▸ **What you will do**: Without any of its pictures, the listing below should be output exactly.

▸ **Material for this task**:
┌──

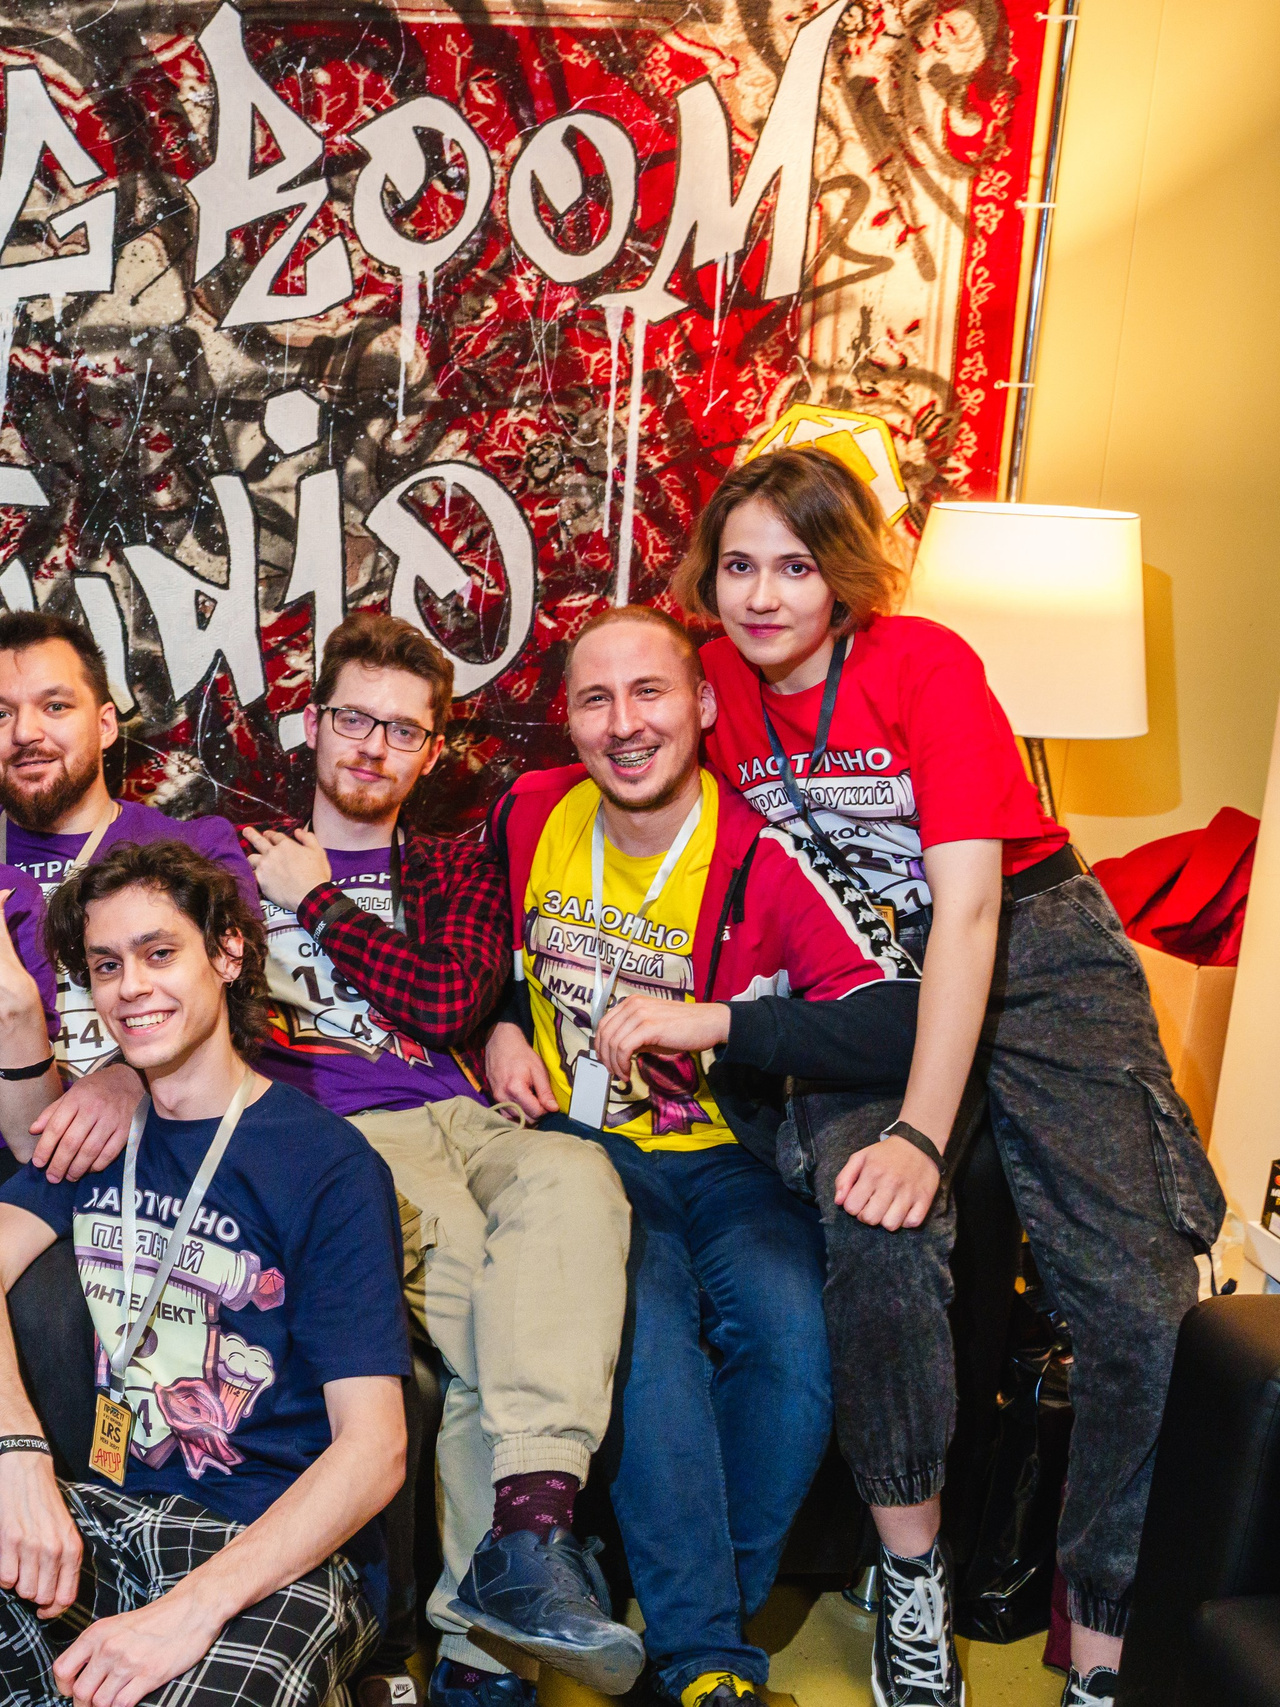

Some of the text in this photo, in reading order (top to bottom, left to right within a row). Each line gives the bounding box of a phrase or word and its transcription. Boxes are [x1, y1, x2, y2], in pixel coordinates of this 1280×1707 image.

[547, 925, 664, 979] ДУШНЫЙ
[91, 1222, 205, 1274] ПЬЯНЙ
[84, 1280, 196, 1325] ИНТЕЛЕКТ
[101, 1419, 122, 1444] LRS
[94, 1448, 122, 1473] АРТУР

└──

▸ **Your solution**:
Some of the text in this photo, in reading order (top to bottom, left to right within a row). Each line gives the bounding box of a phrase or word and its transcription. Boxes are [x1, y1, x2, y2], in pixel coordinates of this 1280×1707 image.

[547, 925, 664, 979] ДУШНЫЙ
[91, 1222, 205, 1274] ПЬЯНЙ
[84, 1280, 196, 1325] ИНТЕЛЕКТ
[101, 1419, 122, 1444] LRS
[94, 1448, 122, 1473] АРТУР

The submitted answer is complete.